**Try it**
Each entry that follows is to be retyped exactly. Pictures do not belong in the copy.

**Free-text object descriptions**
====
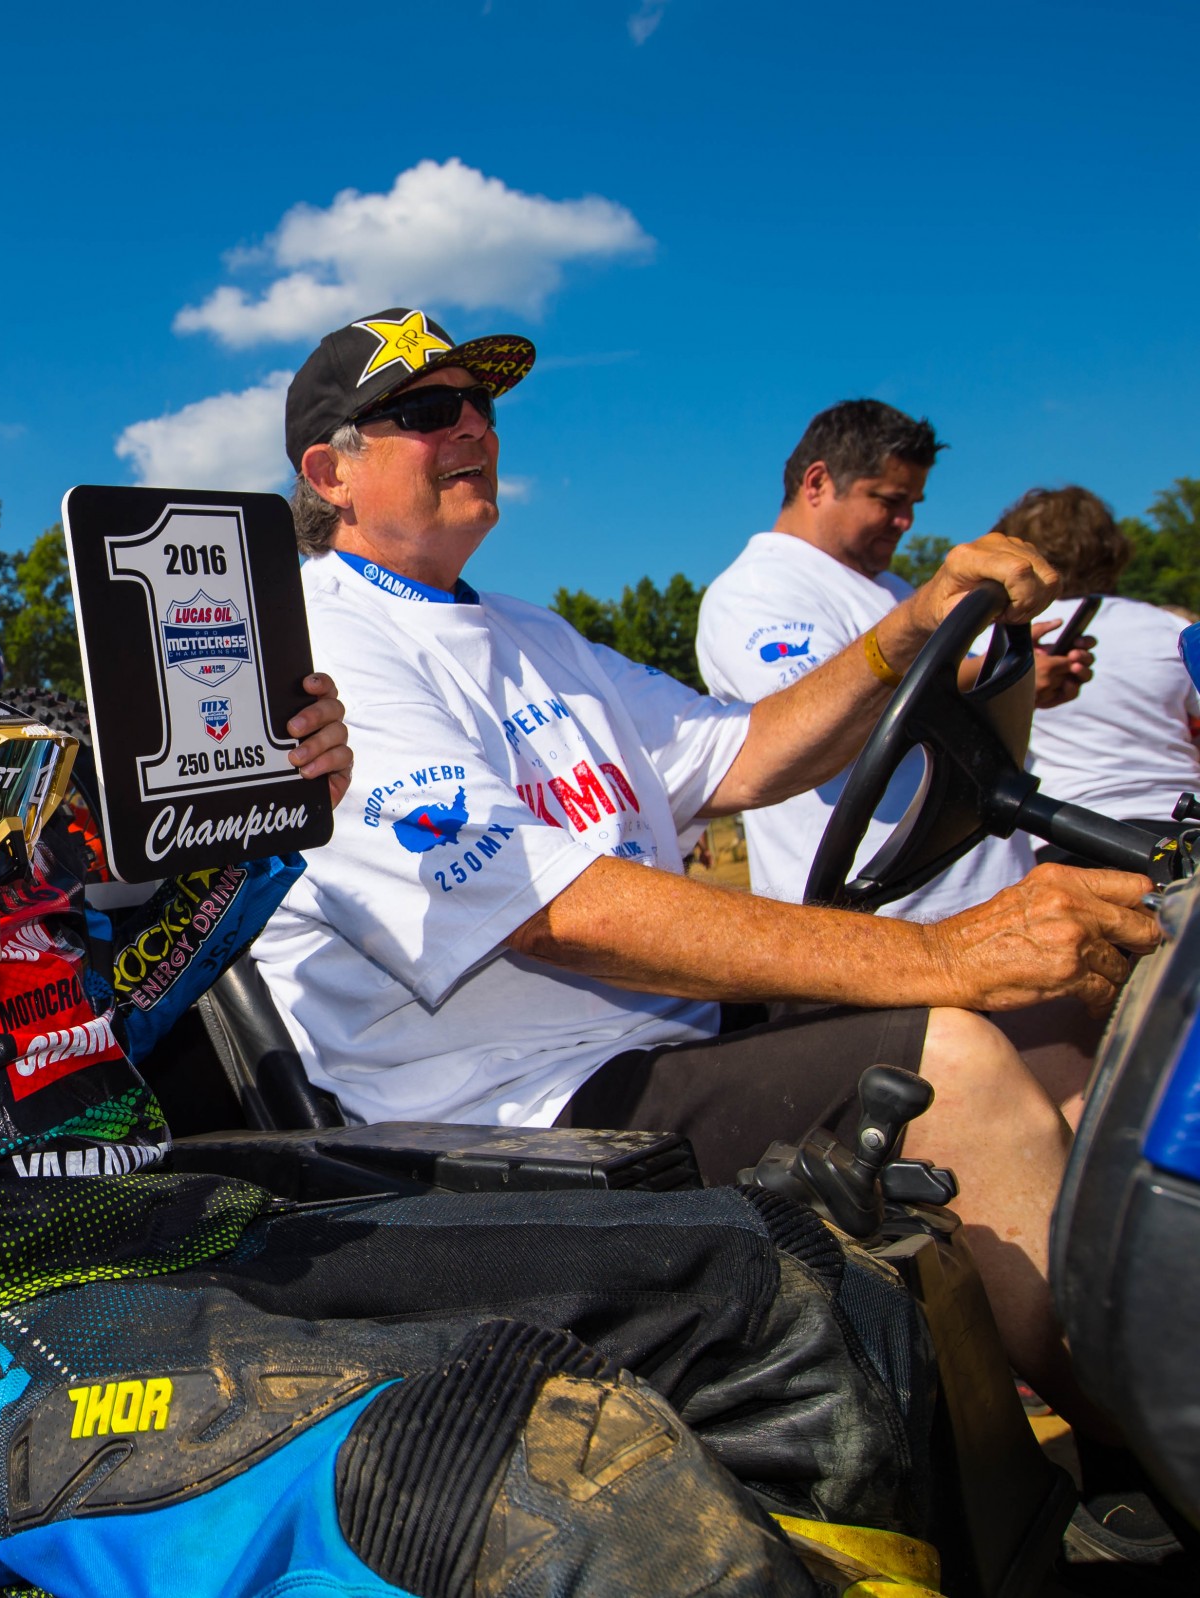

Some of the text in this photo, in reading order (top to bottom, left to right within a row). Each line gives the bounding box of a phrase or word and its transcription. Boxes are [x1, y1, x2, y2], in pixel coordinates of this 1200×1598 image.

[163, 544, 228, 576] 2016
[175, 607, 232, 623] LUCAS OIL
[167, 635, 247, 651] MOTOCROSS
[168, 648, 248, 657] CHAMPIONSHIP
[199, 664, 216, 675] AMA
[176, 745, 266, 777] 250 CLASS
[409, 765, 466, 787] WEBB
[145, 802, 308, 862] Champion
[131, 933, 195, 1009] ENERGY
[192, 864, 244, 934] DRINK
[67, 1376, 174, 1440] THOR
====
**Exercise output**
Some of the text in this photo, in reading order (top to bottom, left to right within a row). Each line gives the bounding box of a phrase or word and its transcription. Boxes are [x1, y1, x2, y2], in pixel coordinates of this 1200×1598 image.

[163, 544, 228, 576] 2016
[175, 607, 232, 623] LUCAS OIL
[167, 635, 247, 651] MOTOCROSS
[168, 648, 248, 657] CHAMPIONSHIP
[199, 664, 216, 675] AMA
[176, 745, 266, 777] 250 CLASS
[409, 765, 466, 787] WEBB
[145, 802, 308, 862] Champion
[131, 933, 195, 1009] ENERGY
[192, 864, 244, 934] DRINK
[67, 1376, 174, 1440] THOR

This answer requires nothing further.